Guerra in Ucraina

Mosca, crepe nel regime. L'ex ministro firma un appello per la tregua

Ivanov agli Esteri fino al 2004. L'ipotesi degli 007: dietro di lui parte dell'establishment

Mosca, crepe nel regime. L'ex ministro firma un appello per la tregua

È una minuscola crepa nel muro delle certezze di Mosca. Ma è il segnale che qualche pezzo di establishment russo cova malumori sulla guerra in Ucraina. E comincia anche a manifestarli, cercando di mandare un segnale al Cremlino, pur senza voler indisporre troppo Vladimir Putin. «Dobbiamo tornare alla diplomazia e al dialogo per garantire che le controversie attuali su questioni fondamentali siano negoziate e non combattute» e perché è necessario ridurre «il rischio drammaticamente alto di un conflitto nucleare». Ecco il testo di un nuovo appello, rivolto a tutte le parti coinvolte nella guerra in Ucraina, perché si impegnino «a sostenere un cessate-il-fuoco» e «a mettere fine «all'ingiustificabile perdita di vite umane, comprese quelle di molti civili». Il documento si aggiunge a quello degli intellettuali e artisti russi, promosso dall'attivista Ponomaryov, alla dichiarazione di 5mila scienziati russi e alle singole voci di sportivi e figlie dell'élite. Ma stavolta è stato firmato da alcuni noti esponenti della diplomazia internazionale. E nell'elenco - che comprende il diplomatico tedesco Wolfgang Ischinger, ex presidente della Conferenza sulla Sicurezza di Monaco, Sam Nunn, ex senatore americano e co-presidente di Nuclear Threat Initiative, e l'ex ministro della Difesa inglese Des Browne - spicca il nome di Igor Ivanov, ex ministro degli Esteri russo dal 1998 al 2004, sotto la presidenza di Eltsin prima e di Putin poi (4 anni), oggi è presidente di Riac, Russian International Affairs Council e che ha collaborato alla stesura del testo. Il think tank diplomatico di Mosca fu fondato nel 2010, per decreto presidenziale dell'ex presidente Medvedev, e tra i suoi scopi principali ci sono «il rafforzamento della pace, dell'amicizia e della solidarietà fra popoli, la risoluzione dei conflitti internazionali e la promozione di soluzioni ai conflitti». Obiettivi che sembrano seppelliti dalle bombe russe in Ucraina. Ma che tornano ad essere caldeggiati da Ivanov.
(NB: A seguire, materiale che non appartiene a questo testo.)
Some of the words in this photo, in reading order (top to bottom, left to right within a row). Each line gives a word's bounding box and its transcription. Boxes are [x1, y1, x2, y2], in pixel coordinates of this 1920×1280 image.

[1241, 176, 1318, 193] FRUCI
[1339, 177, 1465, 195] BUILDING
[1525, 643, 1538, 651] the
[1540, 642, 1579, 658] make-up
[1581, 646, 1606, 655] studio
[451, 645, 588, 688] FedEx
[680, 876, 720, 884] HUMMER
Nominato per primo da Eltsin nel '98, l'ex capo della diplomazia russa non fa parte del cerchio magico di Putin. Ma il suo pressing per una soluzione diplomatica alla guerra è il segno che anche qualche figura di spicco della diplomazia estera russa comincia a manifestare imbarazzo e perplessità per la strategia puramente militare del Cremlino, considerata un errore strategico. Non è un caso che l'appello sia stato pubblicato mentre erano in corso nuovi negoziati ieri tra Russia e Ucraina. Il linguaggio usato, tra l'altro, è studiato ad hoc per arrivare al Cremlino senza indispettirlo. Non si parla delle responsabilità della guerra ma l'avviso riguarda soprattutto le sue conseguenze, il rischio nucleare. «Il dialogo, la diplomazia e i negoziati sono l'unica via accettabile per risolvere il conflitto in un modo che possa resistere alla prova del tempo».
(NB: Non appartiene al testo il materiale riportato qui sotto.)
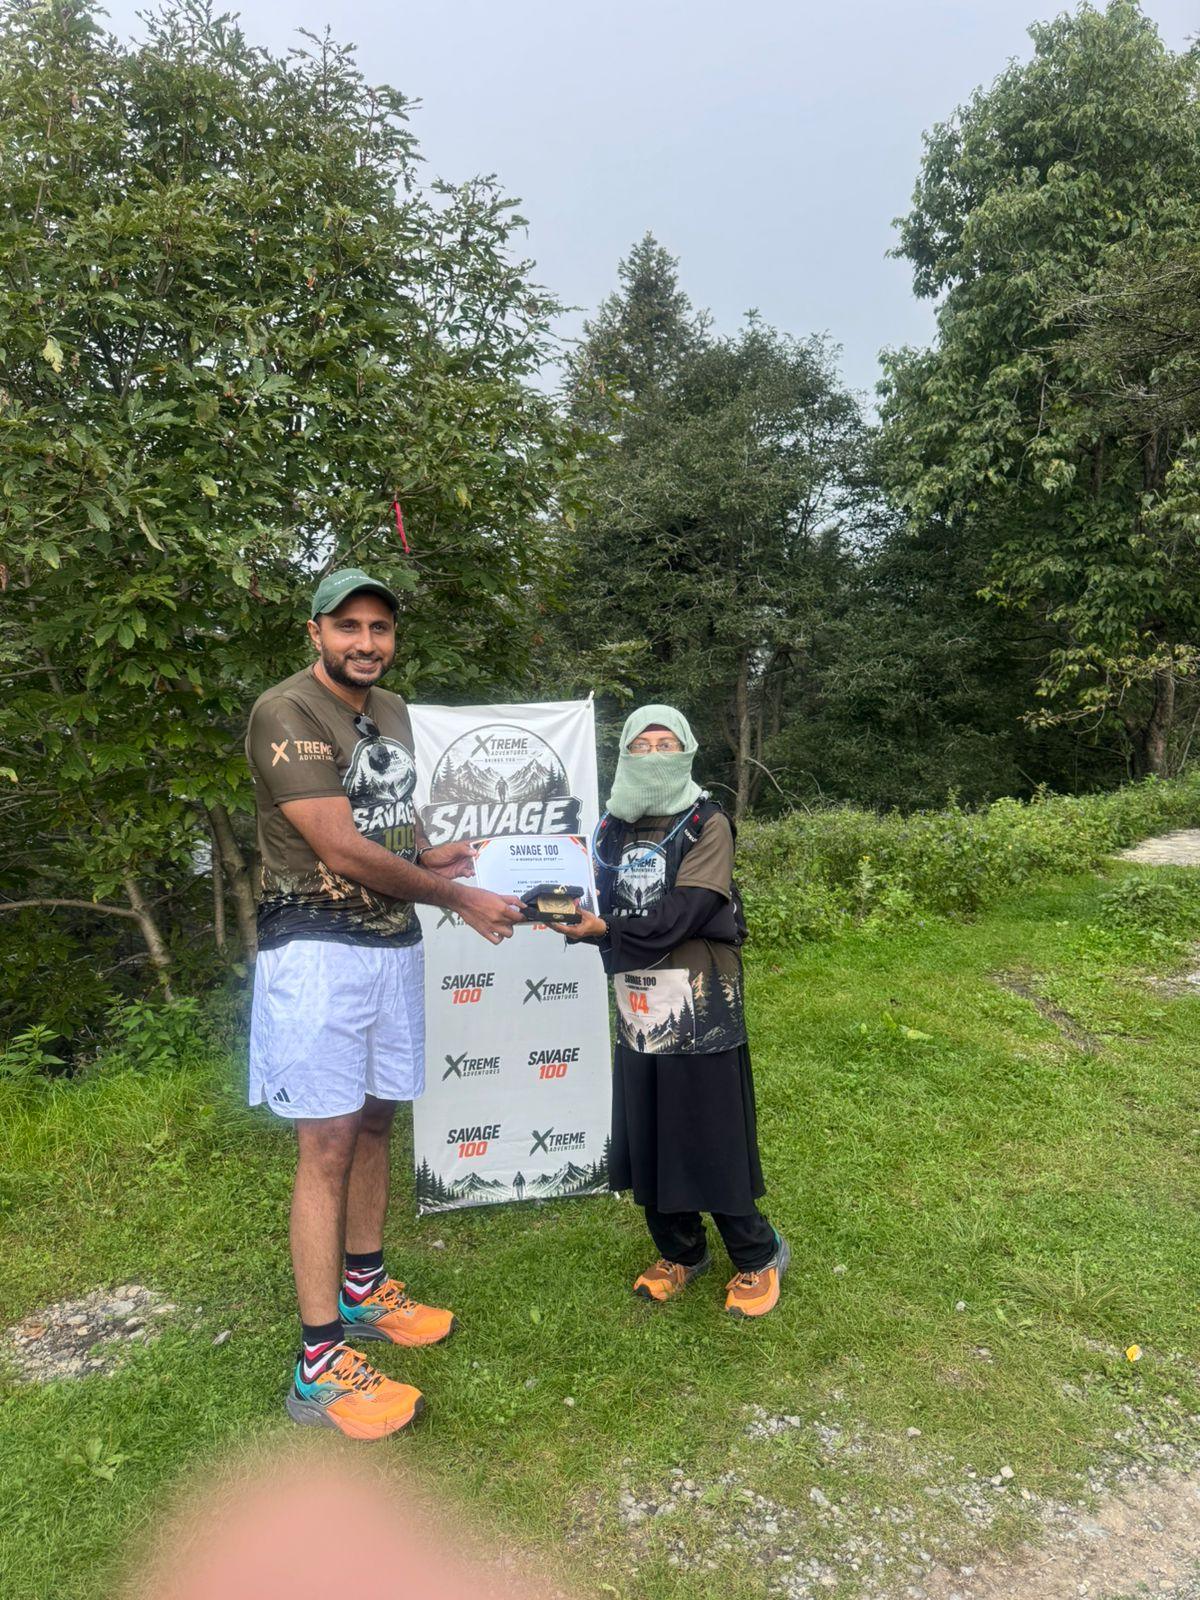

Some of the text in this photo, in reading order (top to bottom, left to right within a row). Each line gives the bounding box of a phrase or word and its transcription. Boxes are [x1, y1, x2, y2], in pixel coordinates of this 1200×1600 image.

[471, 734, 528, 758] XTREME
[426, 800, 569, 844] SAVAGE
[510, 844, 559, 856] SAVAGE 100
[441, 972, 495, 990] SAVAGE
[643, 976, 657, 987] 100
[452, 988, 482, 1005] 100
[522, 977, 579, 1005] XTREME
[528, 1047, 580, 1066] SAVAGE
[442, 1051, 500, 1082] XTREME
[539, 1063, 568, 1080] 100
[447, 1124, 501, 1144] SAVAGE
[529, 1127, 586, 1156] XTREME
[458, 1141, 488, 1158] 100
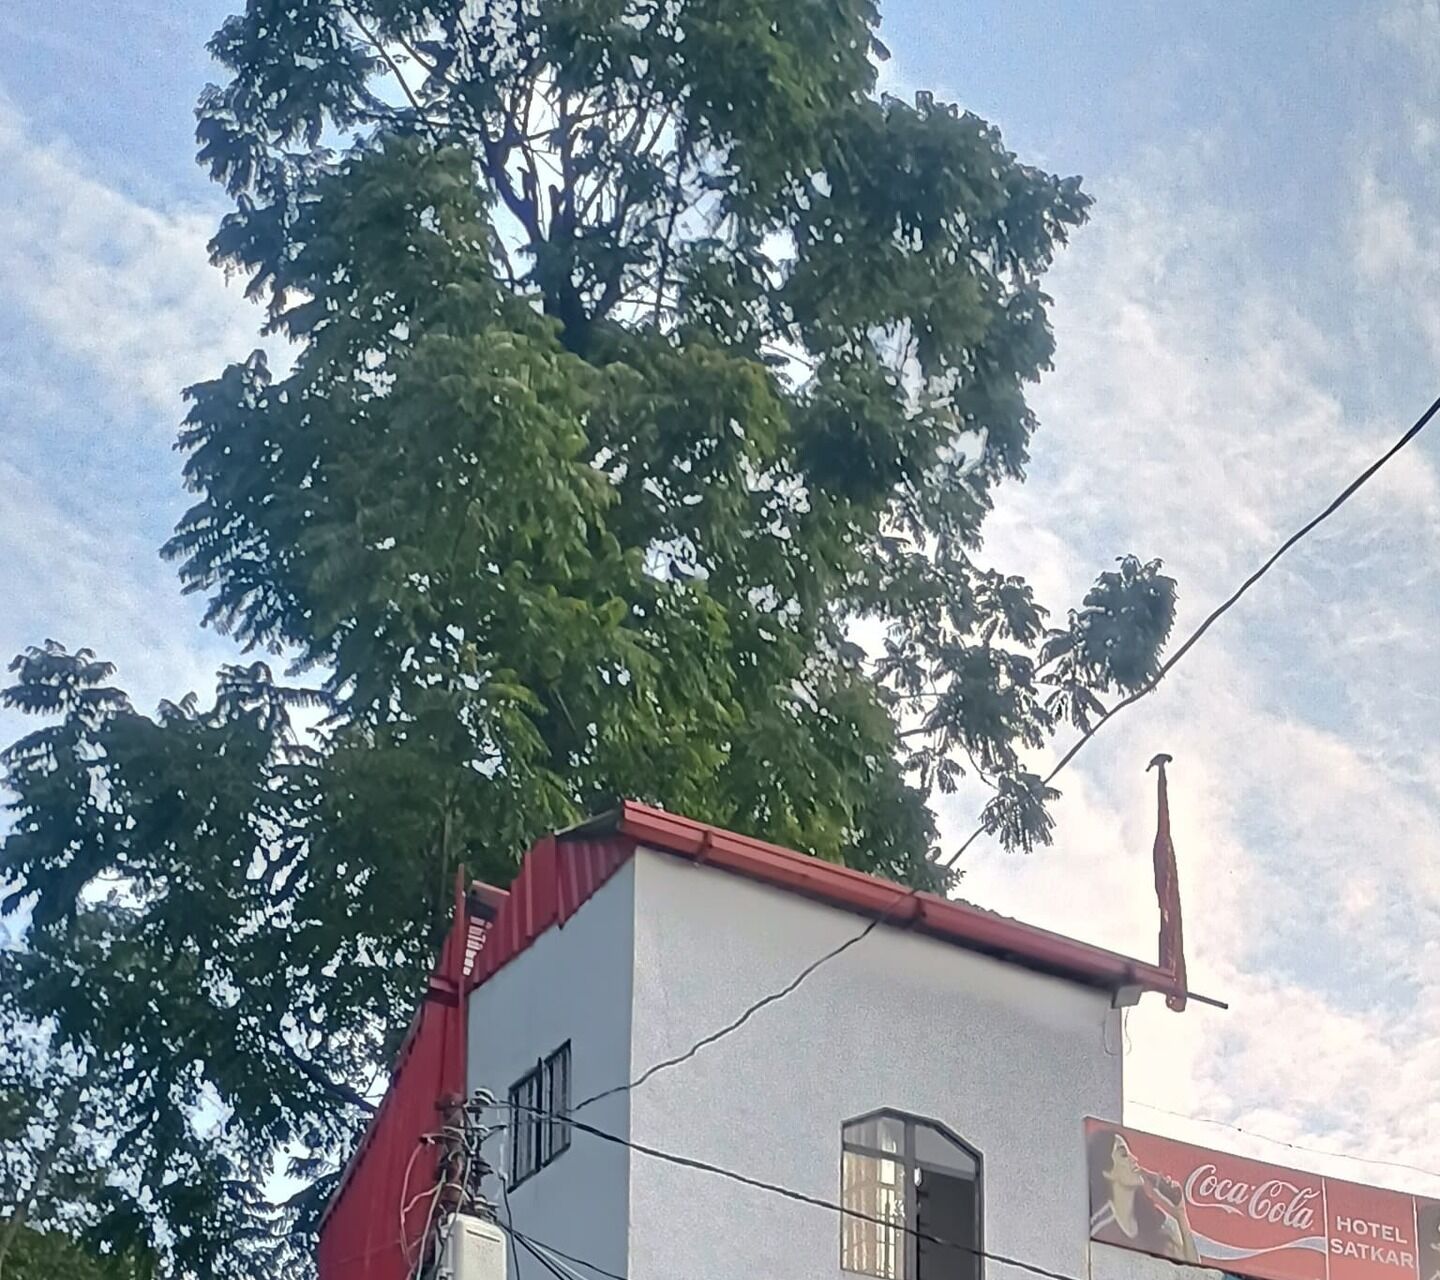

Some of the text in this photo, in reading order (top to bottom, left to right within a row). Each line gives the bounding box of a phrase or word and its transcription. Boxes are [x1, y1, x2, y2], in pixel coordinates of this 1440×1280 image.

[1185, 1164, 1320, 1230] Coca-Cola
[1336, 1215, 1408, 1244] HOTEL
[1330, 1238, 1414, 1269] SATKAR
L'aria che si respira a Mosca sembra, tuttavia, molto meno diplomatica. Secondo una «talpa» dell'Fsb, che fa da gola profonda all'attivista russo per i diritti umani Vladimir Osechkin, oggi in esilio, all'interno del Servizio di sicurezza federale potrebbe presto scattare una resa dei conti. Il controspionaggio Dkvr e lo Stato Maggiore delle Forze Armate sono a caccia dei «traditori» che avrebbero diffuso informazioni sugli spostamenti delle truppe di Mosca. E dopo gli arresti di due alti esponenti dell'Fsb, altre purghe potrebbero scattare. Secondo l'anonimo 007, i rapporti dell'intelligence avevano garantito a Putin che almeno 2mila civili armati sarebbero intervenuti in ognuna delle principali città ucraine per abbattere Zelensky e altri 5mila sarebbero scesi in piazza a favore di Mosca. «All'Fsb ci aspettavamo di diventare gli arbitri che avrebbero incoronato i politici ucraini che si sarebbero battuti» per diventare i governanti scelti da Mosca.

Avevamo persino definito i criteri per eleggere i migliori» e invece «siamo allo 0% di realizzazione di quel piano».